The sequencing of the human genome and the development of new methods for acquiring biological data have changed the face of biomedical research. The use of mathematical and computational approaches is critical to take advantage of this explosion in biological information. There is also a critical need for an integrated computational environment that can provide easy access to a set of universal analytic tools; support the development and dissemination of novel algorithmic approaches; and enable reproducibility of in silico research.

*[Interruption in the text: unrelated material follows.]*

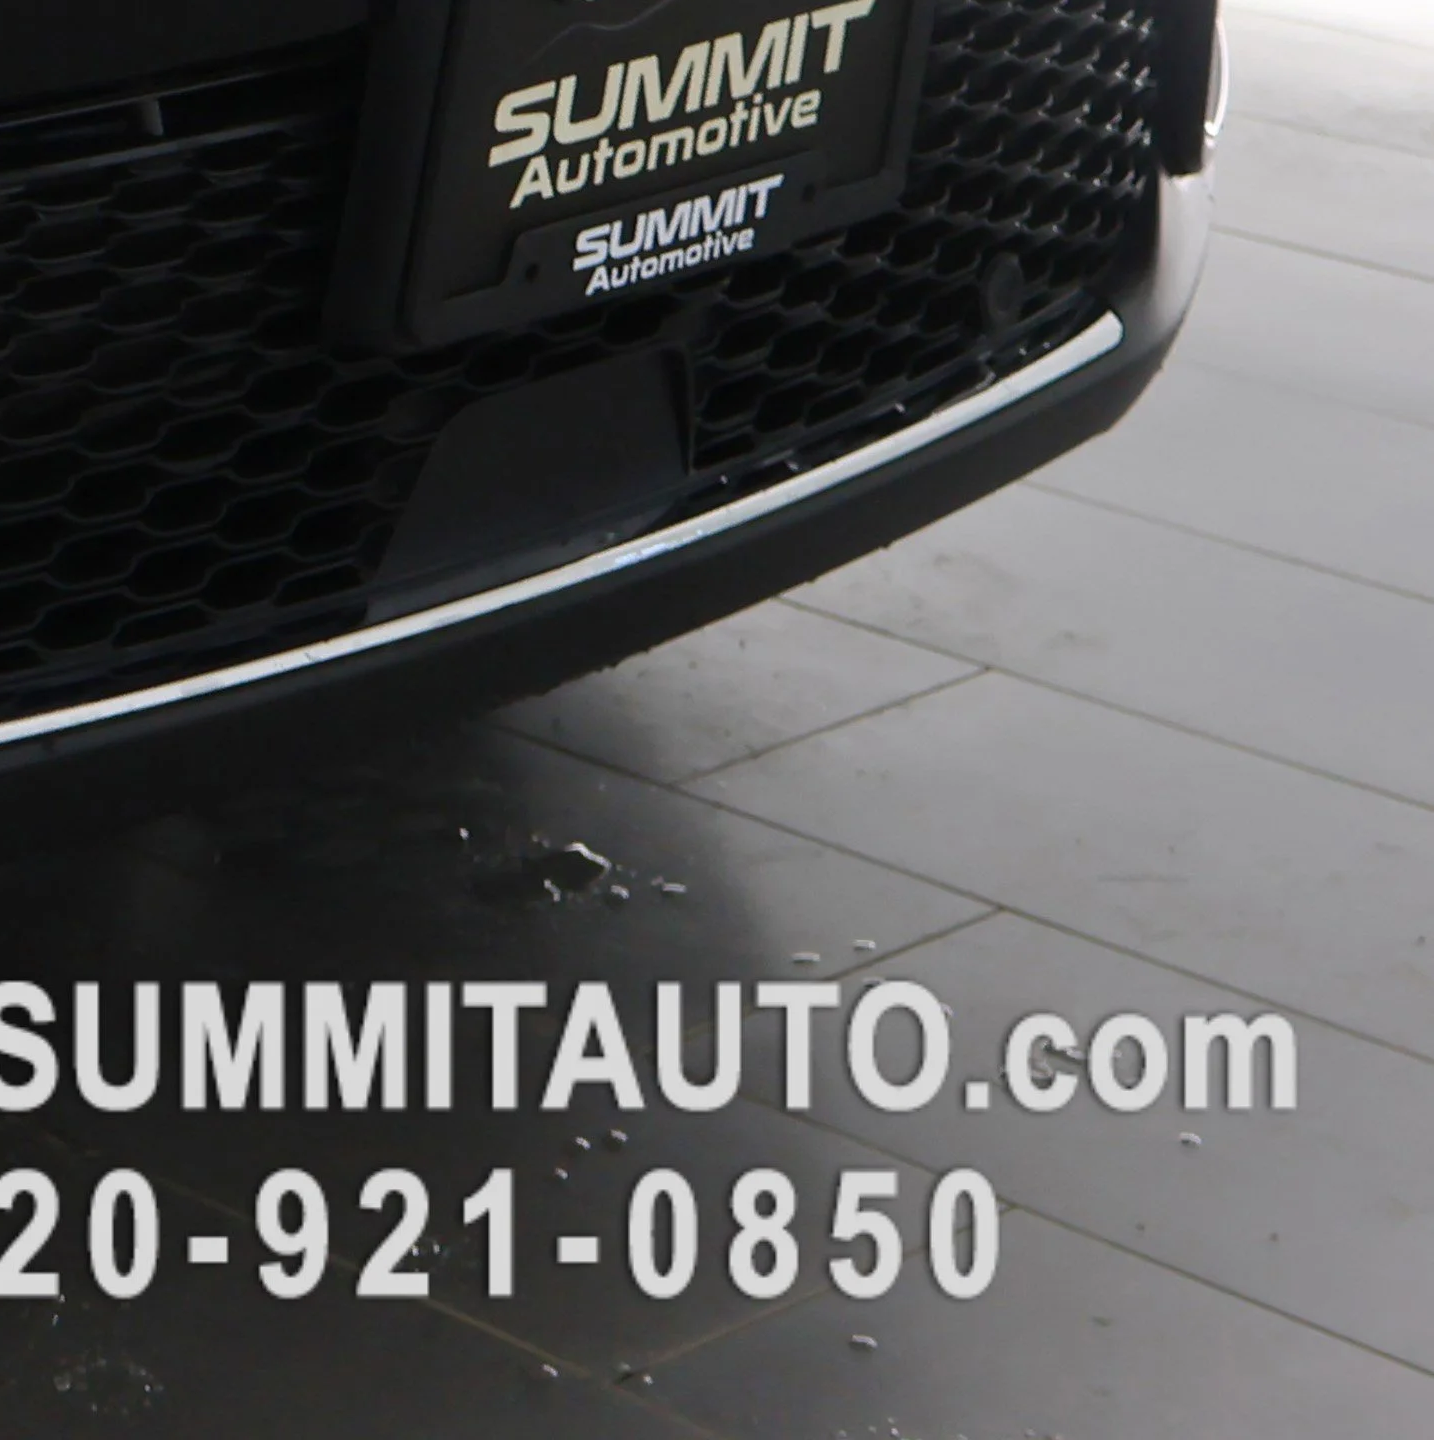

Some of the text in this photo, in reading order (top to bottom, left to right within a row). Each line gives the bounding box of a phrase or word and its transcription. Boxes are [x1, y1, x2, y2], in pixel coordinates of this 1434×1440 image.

We will describe some of the challenging computational problems in biomedicine, the techniques we use to address them, and a software infrastructure to support this highly interdisciplinary field of research.

Jeff Dean

Handling Large Datasets at Google: Current Systems and Future Directions
Jeff Dean, Google

Over the past several years, we have built a collection of systems and tools that simplify the storing and processing of large-scale data sets, and the construction of heavily-used public services based on these data sets. These systems are intended to work well in Google's computational environment, which consists of large numbers of commodity machines connected by commodity networking hardware. Our systems handle issues like storage reliability and availability in the face of machine failures, and our processing tools make it relatively easy to write robust computations that run reliably and efficiently on thousands of machines. In this talk I'll highlight some of the systems we have built, and discuss some challenges and future directions for new systems.

Jon Kleinberg

Algorithmic Perspectives on Large-Scale Social Network Data
Jon Kleinberg, Cornell University

The growth of on-line information systems supporting rich forms of social interaction has made it possible to study social network data at unprecedented levels of scale and temporal resolution. This offers an opportunity to address questions at the intersection of computing and the social sciences, where algorithmic styles of thinking can help in formulating models of social processes and in managing complex networks as datasets.

Many of the central lines of research emerging here are concerned with tracking and modeling social processes within large datasets, studying how groups form and evolve, and analyzing how new ideas, technologies, opinions, and behaviors can spread through large populations. An understanding of these processes has the potential to inform the design of systems supporting community formation, information-seeking, and collective problem-solving. Moreover, as the research community gathers the kinds of data needed for these studies, it runs into increasingly subtle problems surrounding the privacy implications of these datasets; this too raises a broad range of new research challenges that span multiple areas within computing and beyond.

Marc Najork

Mining the web graph
Marc Najork, Microsoft Research

Web pages and the hyperlinks that connect them can be viewed as a graph. This graph can be mined for many purposes: ranking web search results, identifying online communities, detecting spam web pages, and more. However, the sheer size of the web graph and its ever-evolving nature make such computations very challenging. In this talk, I will describe various link-based ranking experiments conducted over a 17 billion edge graph, and the infrastructure that enabled us to perform these experiments. I will discuss the challenges we encountered (both engineering and theoretical), and offer some speculations as to where web graph mining is headed.

Joe Hellerstein

"What" Goes Around
Joe Hellerstein, U.C., Berkeley

Declarative languages allow programmers to say "what" they want, without worrying over the details of "how" to achieve it. These kinds of languages revolutionized data management decades ago (SQL, spreadsheets), but traditionally had limited success in other aspects of computing. The story seems to be changing in recent years, however. One new chapter is work that my colleagues and I have been pursuing on the design and implementation of declarative languages and runtime systems for network protocol specification. Distributed Systems and Networking appear to be surprisingly natural domains for declarative specifications, and -- given recent interest in new architectures for datacenters, sensor networks, and the Internet itself -- these domains are ripe for a new programming methodology.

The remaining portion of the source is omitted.